The north side of Beacon Hill is far more modest, and has been home to immigrants, including a sizable African American community, since the early 19th century. National Park Service Rangers offer free guided tours of the Black Heritage Trail from April through November and you can follow the trail on a self-guided tour year round. The Boston African American National Historic Site includes 15 pre-Civil War homes, businesses, schools, and churches that give a picture of Boston's 19th-century African American community. The Museum of Afro-American History operates the African Meeting House, the country's oldest (1806) church built by and for Black Americans and now restored to its 1854 appearance. The 1834 Abiel Smith School was the first public grammar school for African American children. Displays at both include artifacts, films, art, and sculpture related to the black experience in Boston and New England.
Harvard Square and Harvard Art Museums
Harvard University, founded in 1636, is the oldest institution of higher learning in the United States and is widely considered one of the world's leading academic centers. Go to the Harvard Information Center to take a spirited and entertaining free walking tour of the campus guided by a student who will share history, Harvard lore, and personal perspective. Or you can download a tour from their website. Harvard Yard sits right in Harvard Square, a lively hub for students, "townies," and visitors, filled with shops, bookstores, and allegedly more places to buy ice cream than any other U.S. city.
Adjoining Harvard Yard is the Renzo Piano-designed home of the Harvard Art Museums, including three formerly separate collections, each of which ranked high as major U.S. art museums. Few universities have such enviable collections. Fogg Art Museum concentrates on Italian early-Renaissance art, the Busch-Reisinger on Expressionist art of central and northern Europe, with Bauhaus objects and paintings by Kandinsky and Klee. The Arthur M. Sackler Museum has one of the world's best collections of Chinese jade, as well as Chinese bronzes, Japanese prints, Indian art, and Greco-Roman antiquities, especially vases and sculptures. Address: 32 Quincy Street, Cambridge, MA, Official site: www.harvardartmuseums.org

Harvard Museums and the Glass Flowers
Although the four museums that make up this complex contain treasures such as the artifacts brought back by Lewis and Clark, for most people, the highlight is the more than 3,000 models of 830 species of flowers and plants, some with insects, and all so realistic that you will have trouble believing they are made of glass. Created between 1887 and 1936 by artisans Leopold and Rudolf Blaschka, the flowers are unique in the world, and their secret process has never been replicated. These are part of Harvard's massive research collections, shown under one roof in the Peabody Museum of Archeology and Ethnology, the Mineralogical Museum, the Museum of Comparative Zoology, and the Botanical Museum.
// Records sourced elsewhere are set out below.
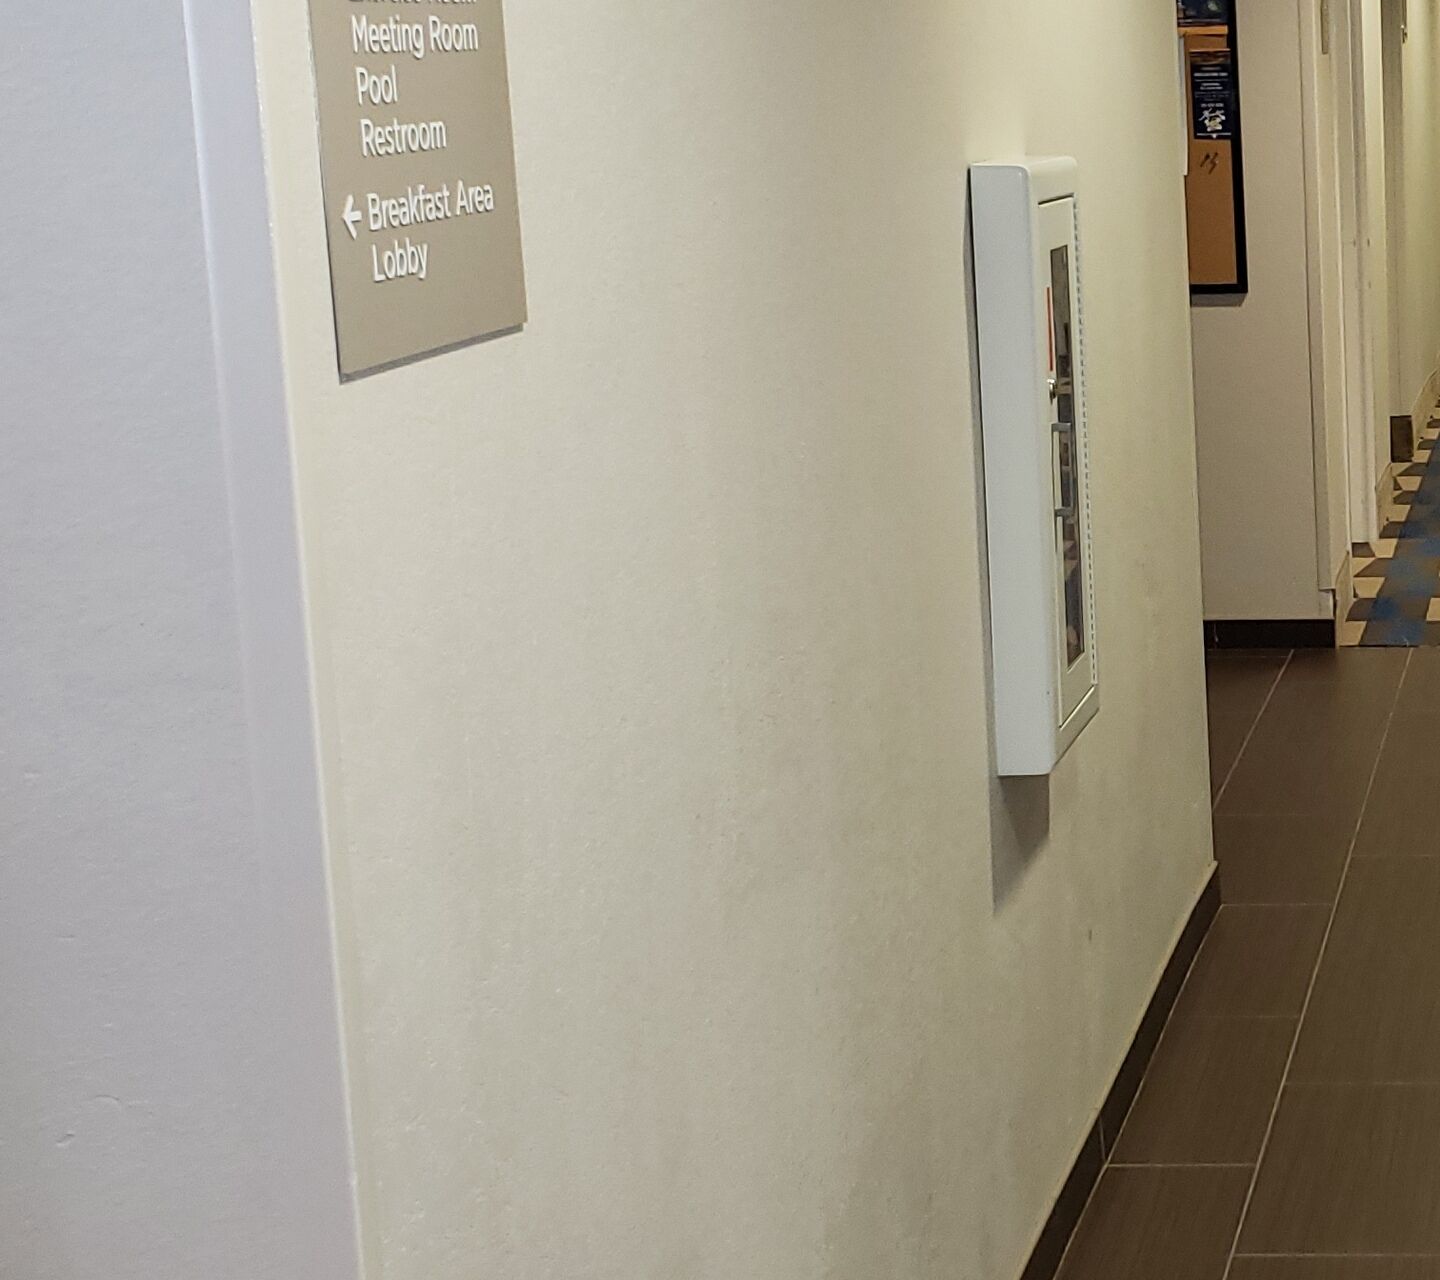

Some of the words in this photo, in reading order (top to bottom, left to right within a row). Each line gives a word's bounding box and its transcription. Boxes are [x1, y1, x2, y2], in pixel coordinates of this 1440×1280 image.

[351, 14, 424, 60] Meeting
[428, 15, 479, 52] Room
[355, 64, 398, 105] Pool
[360, 117, 447, 157] Restroom
[366, 183, 451, 232] Breakfast
[455, 179, 495, 217] Area
[371, 237, 428, 283] Lobby
Particularly strong in Native American exhibits, the Peabody shows artifacts and art interpreted as part of a living culture, even when that culture has vanished. You can admire some of the finest examples of Native American arts from many periods and tribes, and also see how these changed as Europeans provided a new market for their goods. Those who like the Victorian "Cabinet of Curiosities" feel of old traditional museums will love the Pacific Islands balcony - it's like stepping back a century. The Museum of Comparative Zoology, founded by Louis Agassiz in 1859, contains an extensive collection of fossils, including a 25,000-year-old mastodon. The mineralogy collections include a dazzling display of rough and cut gemstones, a world-renowned meteorite collection, rocks, ores, and minerals from around the world.
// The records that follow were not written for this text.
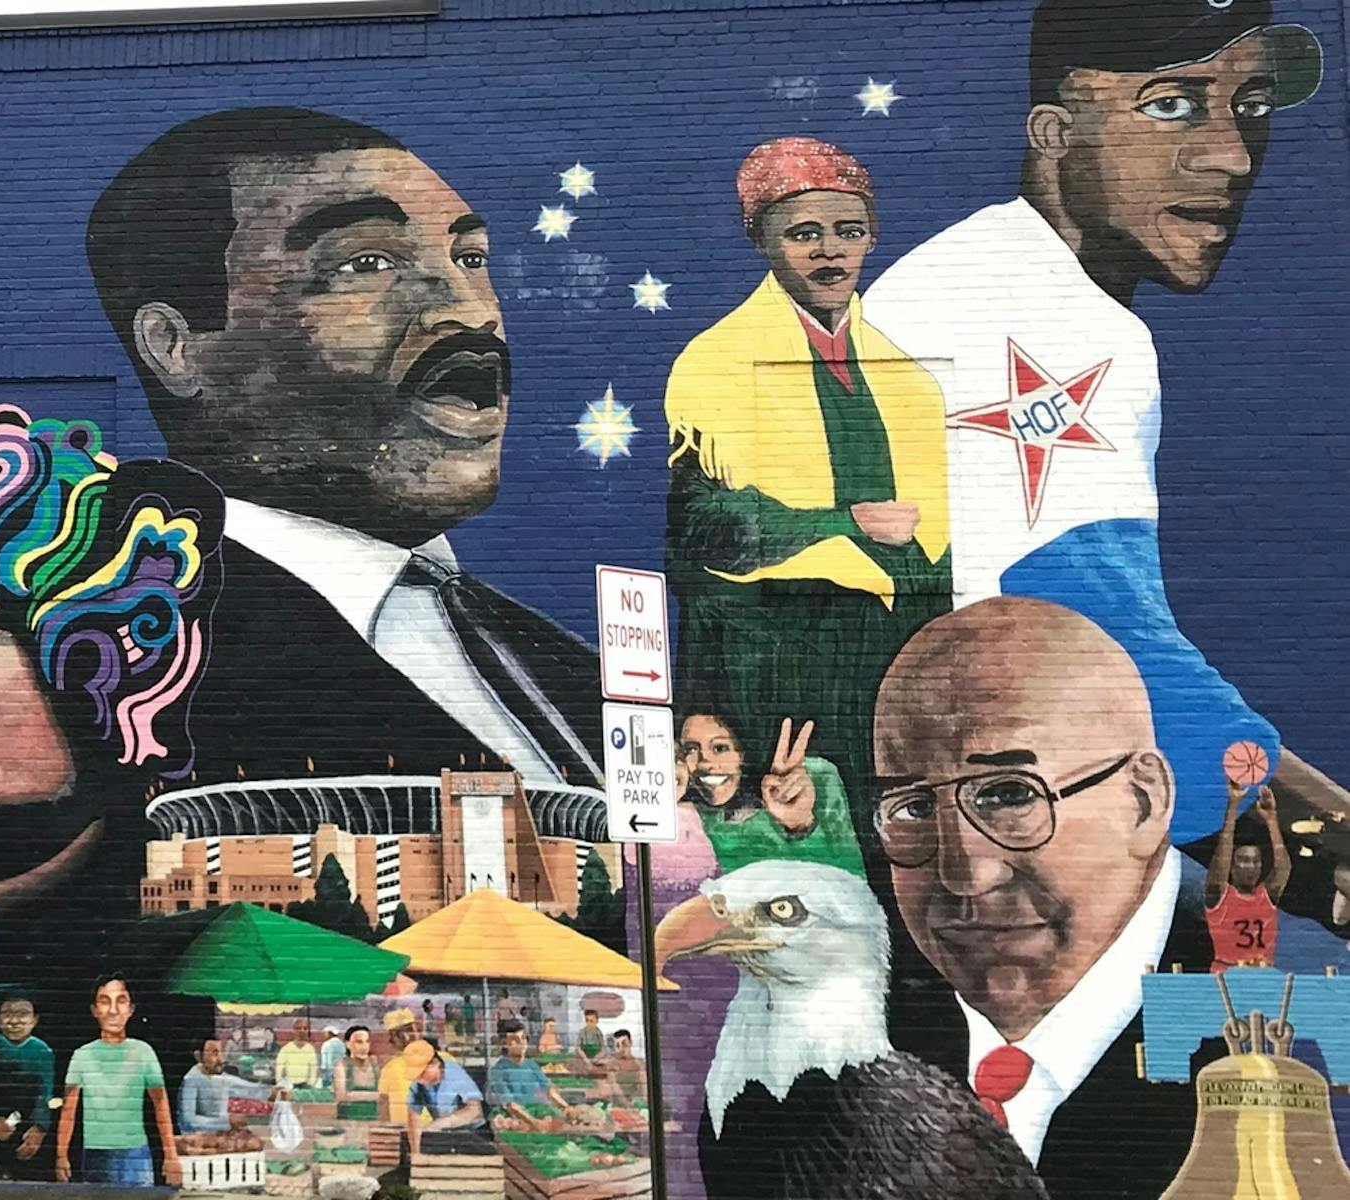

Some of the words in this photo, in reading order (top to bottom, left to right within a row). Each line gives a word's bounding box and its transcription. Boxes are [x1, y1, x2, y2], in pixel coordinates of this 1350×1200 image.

[1011, 392, 1068, 442] HOF
[620, 588, 644, 613] NO
[606, 623, 663, 652] STOPPING
[617, 769, 642, 785] PAY
[646, 771, 665, 786] TO
[623, 789, 660, 805] PARK
[1234, 919, 1266, 949] 31
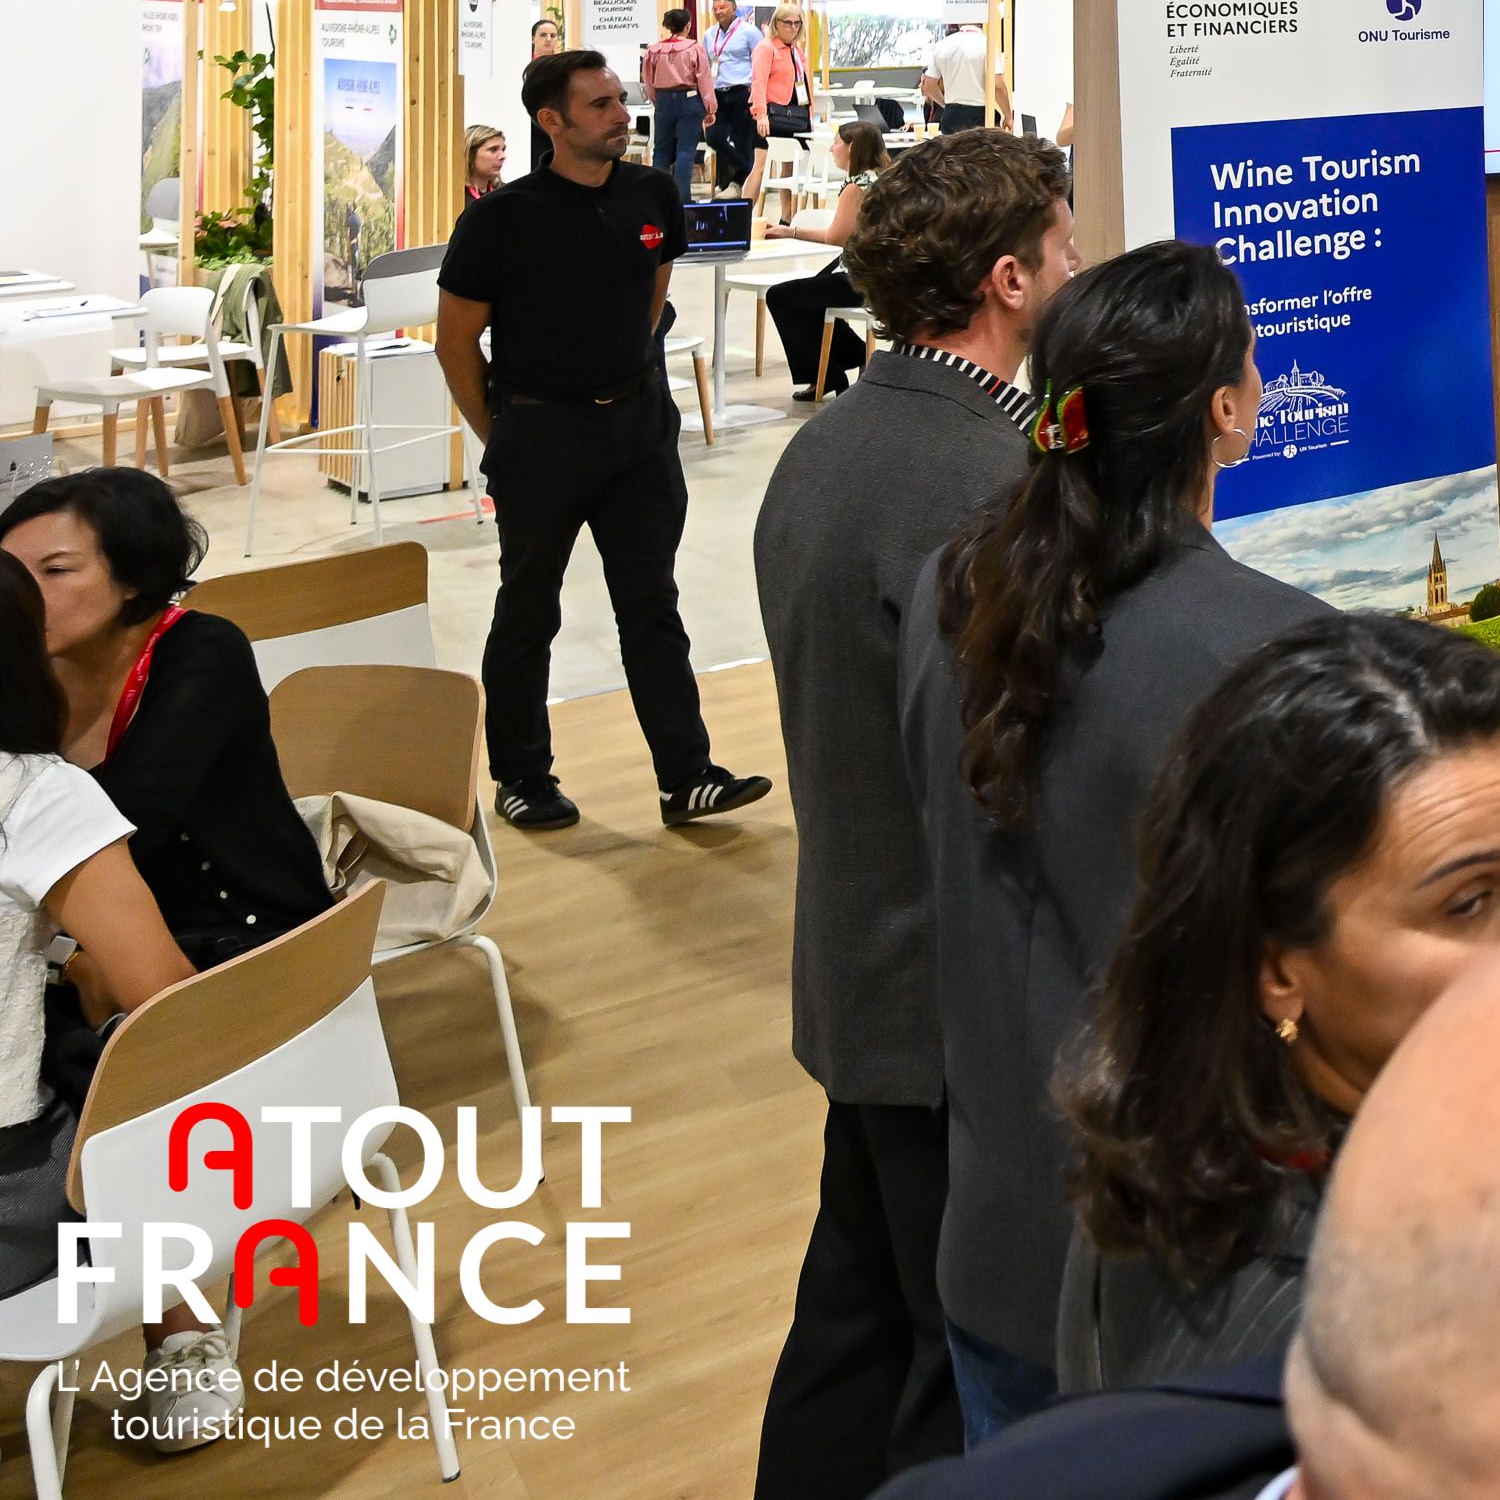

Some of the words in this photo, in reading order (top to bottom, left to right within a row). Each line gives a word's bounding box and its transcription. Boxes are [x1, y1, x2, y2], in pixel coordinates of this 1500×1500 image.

[599, 15, 633, 23] CHÂTEAU
[1166, 0, 1298, 20] ÉCONOMIQUES
[1166, 22, 1188, 38] ET
[1193, 19, 1298, 37] FINANCIERS
[1358, 29, 1389, 43] ONU
[1391, 28, 1451, 42] Tourisme
[1169, 44, 1199, 54] Liberté
[1169, 55, 1200, 67] Égalité
[1169, 67, 1212, 78] Fraternité
[1210, 161, 1293, 191] Wine
[1301, 149, 1421, 183] Tourism
[1212, 190, 1379, 229] Innovation
[1215, 230, 1366, 266] Challenge
[1244, 295, 1319, 316] nsformer
[1254, 313, 1351, 338] touristique
[1275, 402, 1349, 425] Tourism
[1253, 415, 1350, 448] HALLENGE
[1252, 452, 1274, 461] Powered
[1308, 443, 1328, 451] Tourism
Address: 26 Oxford Street, Cambridge, MA, Official site: www.hmnh.harvard.edu
Copley Square
The main square of the Back Bay area is surrounded by both old and ultra-modern buildings. Its architectural highlight is Trinity Church, a red sandstone building designed by architect Henry Hobson Richardson in his distinctive style, known as Richardson Romanesque. Trinity is widely considered to be his finest work. The murals, frescoes, and painted decorations inside are by John La Farge and much of the fine stained glass is by Edward Burne-Jones and William Morris. Facing it, across a grassy lawn where you can enjoy a picnic lunch with neighborhood office workers, is the Boston Public Library founded in 1848 as the first publicly funded lending library in the country. Architect Charles Follen McKim designed the present building in 1895. Go inside to see the library's Renaissance Revival architecture and murals by John Singer Sargent and Edwin Abbey.
On a third side of the square is the venerable Boston institution, the Copley Plaza Hotel, now a Fairmont property; these three buildings, backed by the sheer glass wall of a skyscraper, create a stunning cityscape. A block down Boylston Street, look for the finish line of the Boston Marathon, run each April on Patriot's Day. Just beyond is the Prudential Center, a 32-acre complex of apartments, shops, restaurants, and a 52-story tower. On its 50th floor you can visit the Skywalk observation deck for 360-degree views of Boston and its surroundings.
Fenway Park
Known as "America's Most Beloved Ballpark", Fenway Park is one of the most fabled sports complexes in the country, and even if you're not a sports fan, a tour of it is both fun and interesting. The home of the Boston Red Sox looks much the same as it did when it opened on April 20, 1912. One of its most recognizable features is the Green Monster, the 37-foot green wall in left field, and the park still maintains some of the remnants of "old time" baseball such as the hand-operated scoreboard. It also has the lowest seating capacity in the Major Leagues holding only 33,871 spectators (a fact that makes tickets exceedingly scarce). Address: 4 Yawkey Way, Boston, MA

Museum of Fine Arts Boston
One of the leading art museums in the country, the Boston Museum of Fine Arts excels in its collections of Impressionist paintings, ancient Egyptian treasures, Asian and Persian fine arts, and works from ancient Greece and the Middle East. But its newest and crowning achievement is the construction of an entire American Wing to house, integrated in chronological order, outstanding collections of American paintings, furniture, decorative arts, folk art, silver, glassware, and design dating from pre-Columbian arts to the Art Deco and Modernist eras. Highlights elsewhere include a 12th-century lacquered-wood sculpture of a Buddhist Bodhisattva and Korean painted screens, the ivory and gold statue of the Minoan Snake Goddess from 1500 BC, and a statue of the Egyptian pharaoh Mycerinus and his queen from 2548-2530 BC.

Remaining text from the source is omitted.